La société AVANSSUR reconnaît le droit à indemnisation de Madame [F].
Sur les préjudices de Madame [F], la société AVANSSUR suggère des indemnisations réduites au titre du déficit fonctionnel temporaire en retenant un taux horaire à 25 euros, au titre des souffrances endurées, au titre du déficit fonctionnel permanent en retenant le taux retenu par l’expert, 60 ans le jour de la consolidation et un point à 1420 euros. S’agissant de la perte de gains professionnels elle propose une indemnisation moindre à titre principal en faisant valoir que la demanderesse a bénéficié d’un maintien de salaire du 7 juillet au 12 septembre 2019 et que la prévoyance de la société VIVALYS lui a versé des indemnités du 10 octobre 2019 au 31/10/2021.
Elle ajoute que la créance définitive de la CPAM produite détaille une période d’hospitalisation et une période d’indemnités journalières erronées et que certains frais sollicités par la CPAM ne sont en outre pas imputables à l’accident.
Concernant la demande de Madame [F] formulée au titre de son préjudice d’affection la société AVANSSUR soutient que rien ne vient établir que le décès de Monsieur [F] serait lié à l’accident.
Sur les préjudices de Monsieur [F], la société AVANSUR propose des indemnisations réduites concernant le déficit fonctionnel temporaire, les souffrances endurées, et l’assistance par tierce personne en retenant un taux horaire de 17 euros.
Régulièrement assigné le 4 juillet 2023, Monsieur [S] [D] n’a pas constitué avocat. Le présent jugement sera donc réputé contradictoire.
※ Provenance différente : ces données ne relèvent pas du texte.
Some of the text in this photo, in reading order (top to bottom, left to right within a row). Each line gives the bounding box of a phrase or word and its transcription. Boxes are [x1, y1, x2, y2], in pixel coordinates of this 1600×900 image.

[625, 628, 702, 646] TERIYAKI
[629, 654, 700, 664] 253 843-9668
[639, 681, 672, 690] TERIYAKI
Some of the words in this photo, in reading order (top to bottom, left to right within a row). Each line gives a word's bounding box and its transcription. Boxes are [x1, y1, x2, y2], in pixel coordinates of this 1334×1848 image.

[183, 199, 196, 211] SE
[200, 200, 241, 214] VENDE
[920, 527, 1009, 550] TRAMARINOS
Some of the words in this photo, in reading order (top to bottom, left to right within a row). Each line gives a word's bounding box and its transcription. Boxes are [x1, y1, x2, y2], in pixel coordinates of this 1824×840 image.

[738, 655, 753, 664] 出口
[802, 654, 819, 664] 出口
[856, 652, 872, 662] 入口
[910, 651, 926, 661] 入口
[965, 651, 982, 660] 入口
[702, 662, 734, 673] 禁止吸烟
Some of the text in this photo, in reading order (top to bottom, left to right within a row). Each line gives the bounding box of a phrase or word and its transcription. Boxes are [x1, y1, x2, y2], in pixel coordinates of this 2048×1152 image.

A l’audience du 12 novembre 2024 l’affaire a été mise en délibéré au 24 janvier 2025 par mise à disposition au greffe.
PAR CES MOTIFS
Le tribunal, statuant publiquement, par jugement réputé contradictoire et en premier ressort, par mise à disposition au greffe,
Dit la S.A AVANSSUR seule tenue à indemnisation au titre des préjudices subis par Madame [N] [F] agissant à titre personnel et en sa qualité d’ayant-droit de Monsieur [R] [F],
Condamne Monsieur [S] [D] à verser à Madame [N] [F] en réparation de son préjudice corporel consécutif à l’accident de la circulation dont elle a été victime le 7 juillet 2019 les sommes suivantes :
8 457,24 euros au titre de la perte de gains professionnels actuels,2 213,64 euros au titre de la perte de gains professionnels futurs,8 000 euros au titre des souffrances endurées,4 135,05 euros au titre du déficit fonctionnel temporaire,12 480 euros au titre du déficit fonctionnel permanent,Dit que les provisions versées viendront en déduction des sommes allouées,
Condamne Monsieur [S] [D] à verser à Madame [N] [F] en qualité d’ayant-droit de Monsieur [R] [F] en réparation de son préjudice corporel consécutif à l’accident de la circulation dont il a été victime le 7 juillet 2019 les sommes suivantes :
6 325 euros au titre de l’assistance tierce personne temporaire,7 175,25 euros au titre du déficit fonctionnel temporaire,20 000 euros au titre des souffrances endurées,Dit que les provisions versées viendront en déduction des sommes allouées,
Condamne Monsieur [S] [D] à payer à Madame [N] [F] la somme de 2000 euros au titre de l’article 700 du Code de procédure civile,
Condamne in solidum Monsieur [S] [D] et la S.A. AVANSSUR aux dépens,
Rappelle que l’exécution provisoire de la décision est de droit,
Déboute les parties du surplus de leurs demandes.